Relatório

Estado apoiou sete bancos com 23 mil milhões de euros

Estado apoiou sete bancos com 23 mil milhões de euros

Relatório Extraordinário não mostra ao público grandes devedores dos bancos apoiados, mas revela que entre 2007 e 2018 os contribuintes apoiaram sete instituições.

Segundo o Relatório Extraordinário sobre apoios aos bancos, o Estado ajudou sete bancos com 23 mil milhões de euros. A lista de instituições de crédito apoiadas por fundos públicos mostra que a CGD recebeu mais dinheiro.
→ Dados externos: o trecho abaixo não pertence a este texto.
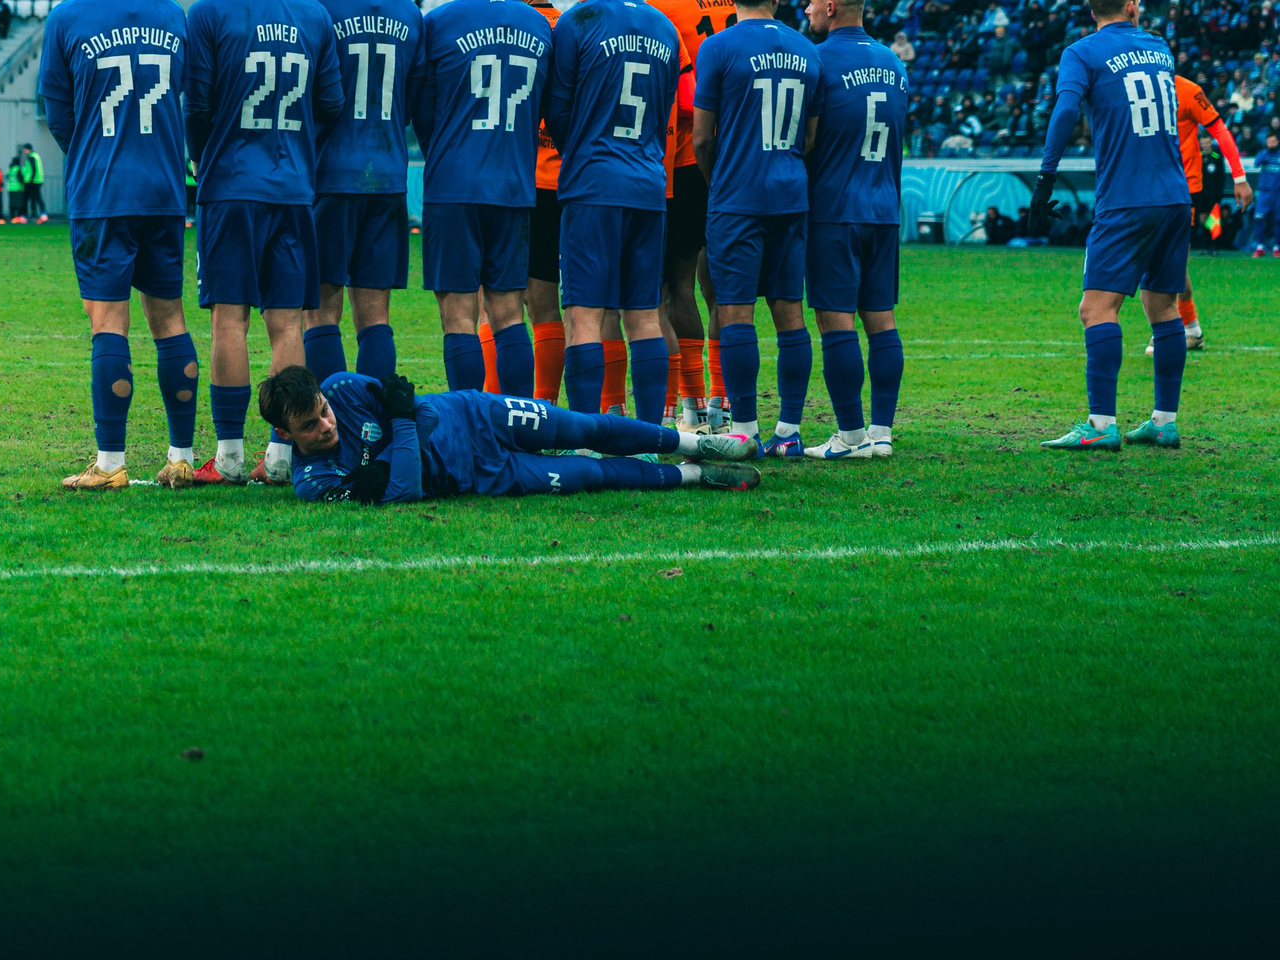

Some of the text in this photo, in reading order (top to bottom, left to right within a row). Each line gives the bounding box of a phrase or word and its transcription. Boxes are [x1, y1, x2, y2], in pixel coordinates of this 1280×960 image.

[81, 27, 180, 59] ЭЛЬДАРУШЕВ
[256, 24, 298, 44] АЛИЕВ
[333, 16, 409, 41] КЛЕЩЕНКО
[456, 27, 545, 58] ПОКИДЫШЕВ
[600, 35, 671, 64] ТРОШЕЧКИН
[97, 54, 171, 137] 77
[240, 51, 309, 131] 22
[348, 43, 396, 120] 11
[471, 54, 538, 132] 97
[750, 53, 807, 73] СИМОНЯН
[841, 67, 896, 89] МАКАРОВ
[613, 62, 651, 139] 5
[753, 78, 805, 151] 10
[860, 92, 889, 161] 6
[1123, 71, 1179, 137] 80
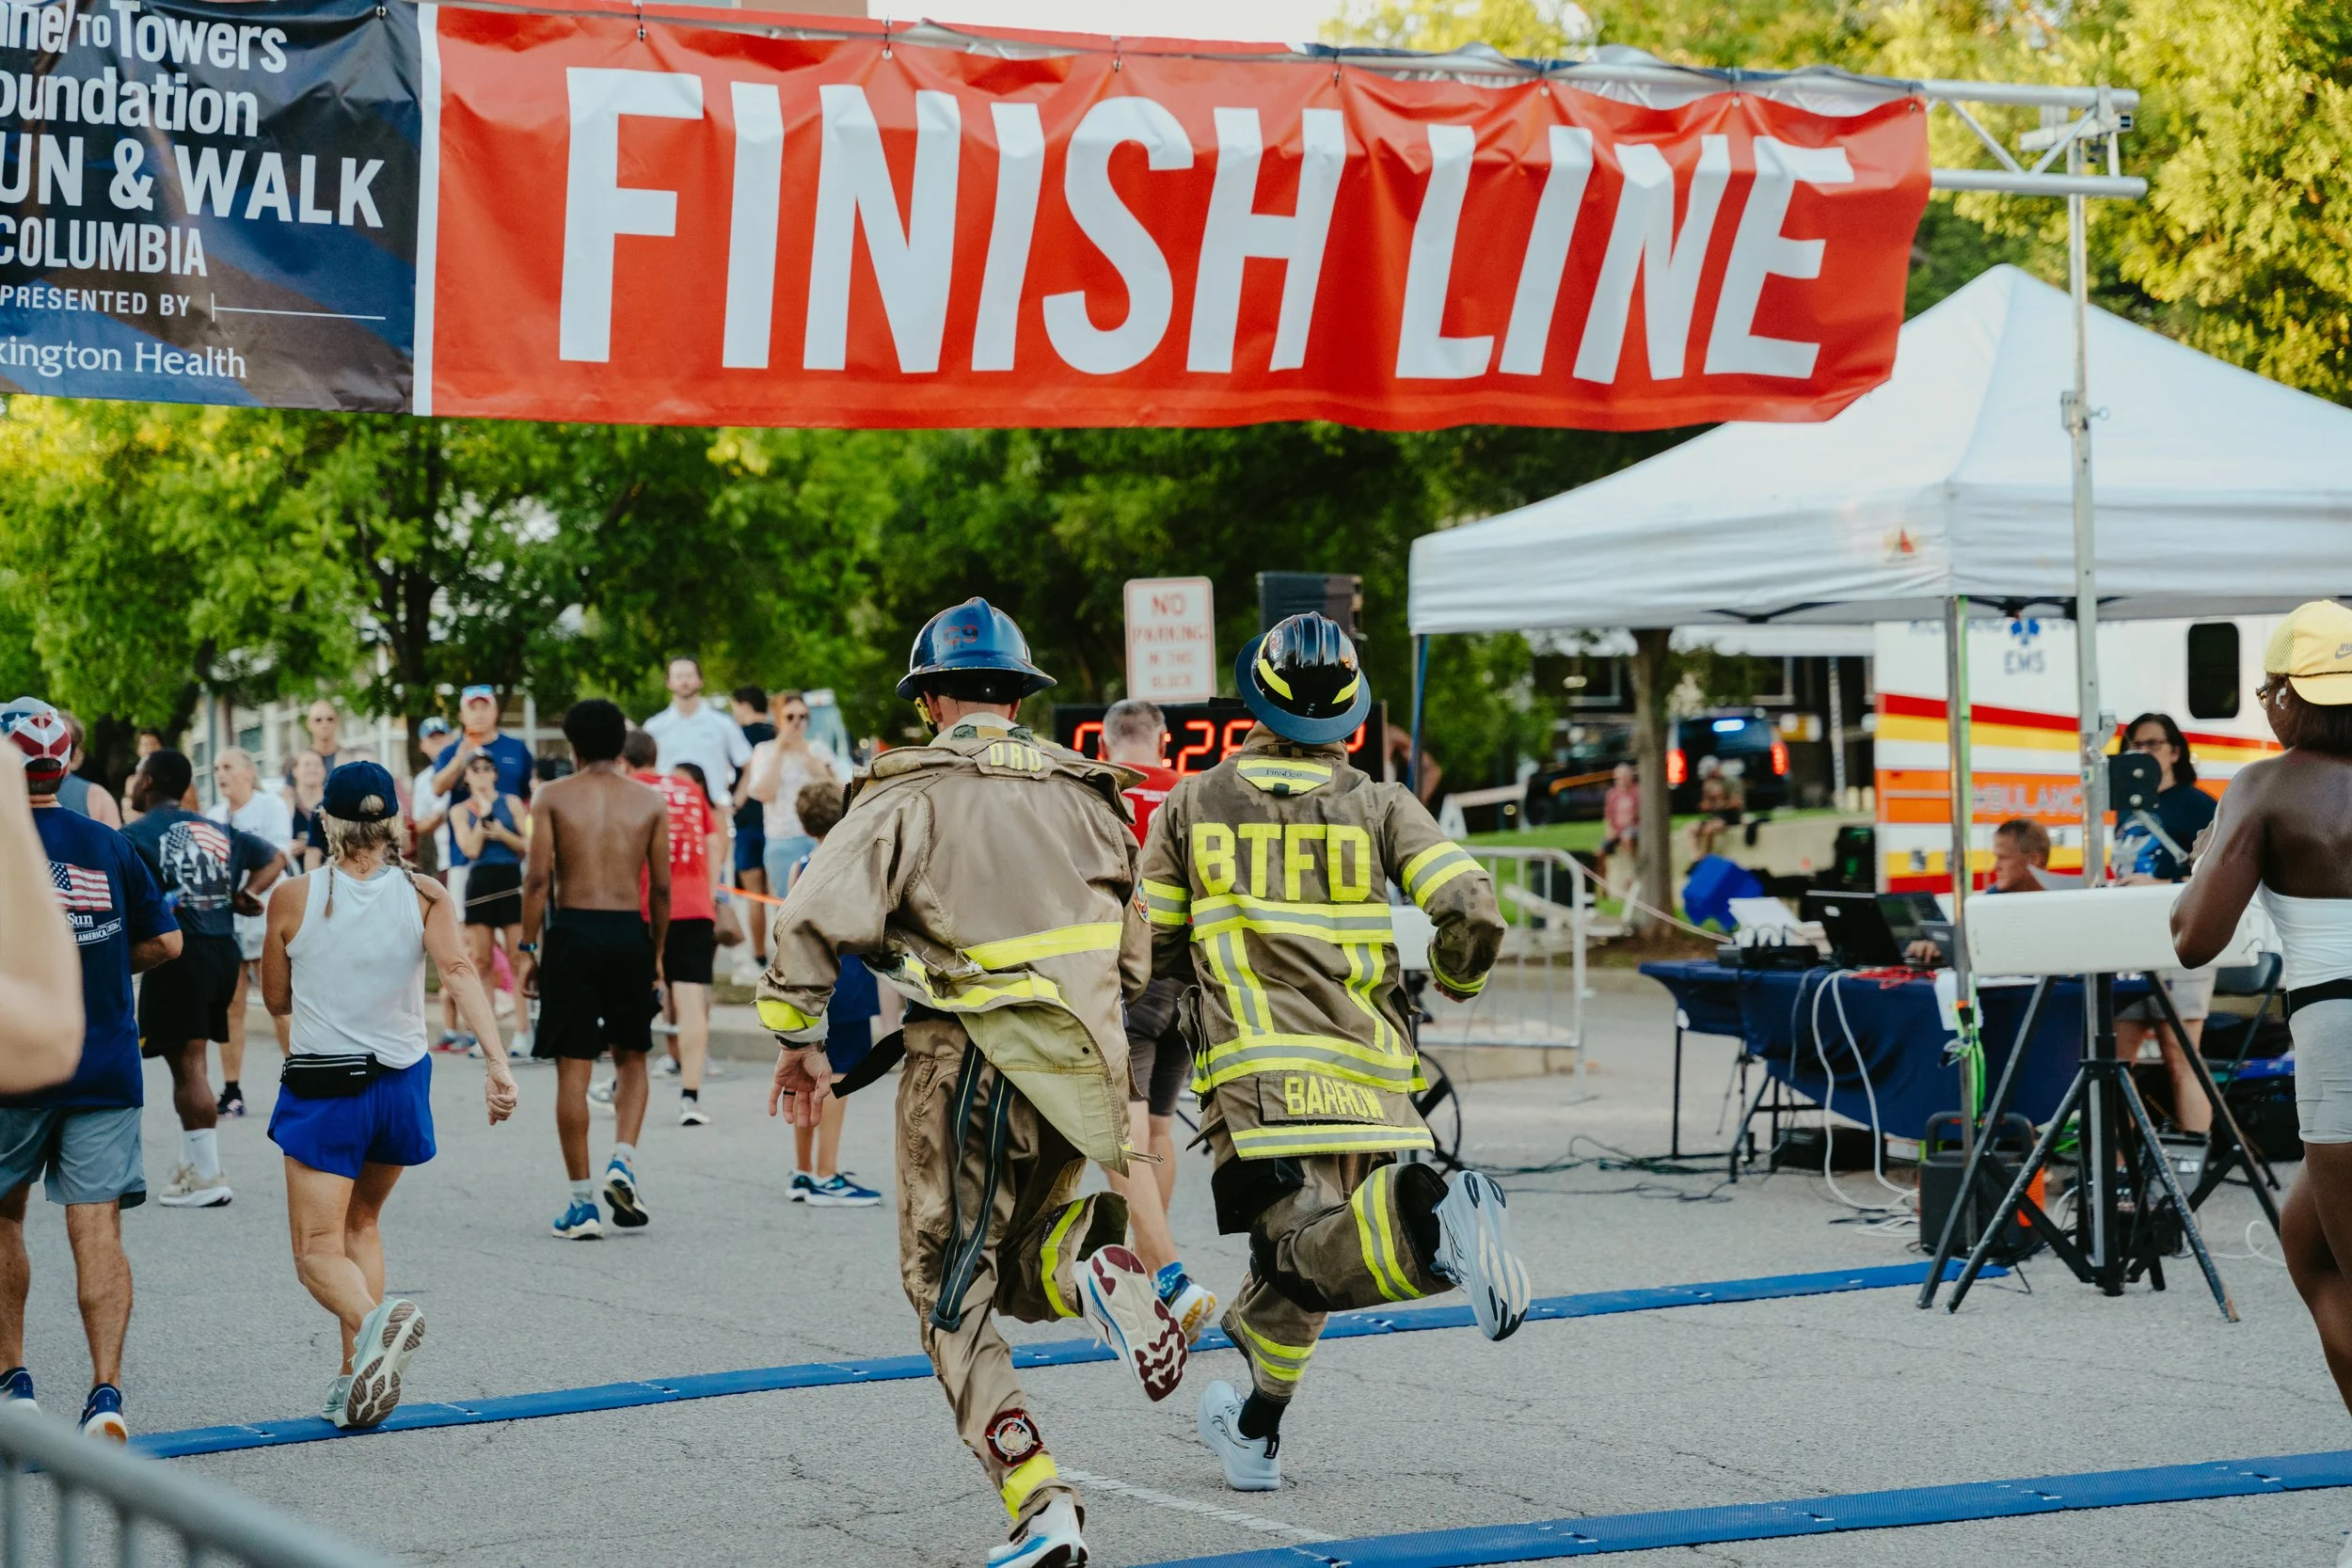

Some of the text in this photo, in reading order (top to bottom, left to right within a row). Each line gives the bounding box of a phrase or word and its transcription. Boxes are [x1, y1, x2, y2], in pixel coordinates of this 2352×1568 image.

[77, 13, 111, 48] TO
[110, 0, 287, 73] Towers
[109, 138, 153, 212] &
[174, 145, 385, 228] WALK
[0, 214, 208, 277] COLUMBIA
[560, 66, 1854, 384] FINISH LINE
[0, 285, 191, 317] PRESENTED BY
[135, 341, 246, 379] Health
[1151, 593, 1187, 617] NO
[1133, 624, 1208, 645] PARKING
[2005, 650, 2044, 675] EMS
[1192, 822, 1372, 903] BTFD
[78, 928, 108, 942] AMERICA
[1284, 1075, 1386, 1120] BARROW
O documento, publicado esta terça-feira, mostra que os bancos mais beneficiados foram a Caixa Geral de Depósitos (CGD), com 6,25 mil milhões de euros, e o antigo BPN, com 4,91 mil milhões de euros.

O Banco Espírito Santos (BES), cujas responsabilidades pertencem agora ao Novo Banco (NB), recebeu 4,33 mil milhões de euros, e o Banif foi alvo de uma injeção de 3,35 mil milhões de euros, de acordo com o documento.
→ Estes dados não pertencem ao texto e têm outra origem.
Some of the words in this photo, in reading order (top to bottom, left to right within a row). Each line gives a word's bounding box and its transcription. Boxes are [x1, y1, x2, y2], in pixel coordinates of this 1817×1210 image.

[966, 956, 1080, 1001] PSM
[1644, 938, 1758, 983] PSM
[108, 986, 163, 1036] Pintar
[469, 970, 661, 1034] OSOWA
O BCP recebeu três mil milhões de euros e o BPI 1,5 mil milhões de euros. O Banco Privado Português (BPP) foi o destinatário de 450 milhões de euros do Estado.
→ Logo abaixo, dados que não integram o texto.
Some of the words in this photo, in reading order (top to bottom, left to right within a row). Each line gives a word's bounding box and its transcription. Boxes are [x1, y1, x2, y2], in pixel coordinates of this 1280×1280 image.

Segundo o mesmo documento, foi em meados de junho de 2012 que o Estado aplicou o valor mais elevado, de 6,15 mil milhões de euros, incluindo a totalidade dos fundos do BCP e BPI e 1,65 mil milhões aplicados na CGD.

Os valores recebidos pelo BCP e BPI foram em formato de Contingent Convertible Bonds ('CoCos' - obrigações convertíveis em capital) e já foram reembolsadas integralmente ao Estado, destaca o BdP.

O regulador esclarece ainda que, no caso do BES/NB, "consideram-se apenas empréstimos do Tesouro ao Fundo de Resolução e não o montante total de fundos disponibilizados pelo Fundo de Resolução ao BES/NB (4.900 milhões em 2014 e 791,7 milhões em 2018)".

Além disso, recorda o BdP, em 06 de maio de 2019, "o Fundo de Resolução procedeu a um pagamento ao Novo Banco, S.A., nos termos e em cumprimento do Acordo de Capitalização Contingente, que envolveu o recurso a um empréstimo do Estado no valor de 850 milhões de euros".

No caso da CGD, o relatório dá ainda conta de que existem aproximadamente 2,4 mil milhões de euros que não foram incluídos por não "corresponderem a um desembolso de novos fundos", incluindo um aumento de capital de 900 milhões de euros, e que resultou da conversão em capital de 'CoCos', de outro aumento de capital, em espécie, de 500 milhões de euros (incorporação de 49% do capital social da Parcaixa) e da emissão de duas tranches, também de 500 milhões de euros cada uma, de obrigações e instrumentos de dívida.

O relatório explicou ainda como foram definidos os parâmetros para a informação pedida aos bancos e que passou por um limite mínimo de montante para reporte das operações, em conformidade com o previsto na lei para cada ICA (Instituição de Crédito Abrangida), como o máximo entre cinco milhões de euros e 1% do montante total acumulado de fundos públicos disponibilizados ao longo dos últimos 12 anos".

O regulador enviou o documento ao parlamento, sendo que foi omitido da divulgação pública um anexo com informação sujeita a sigilo bancário.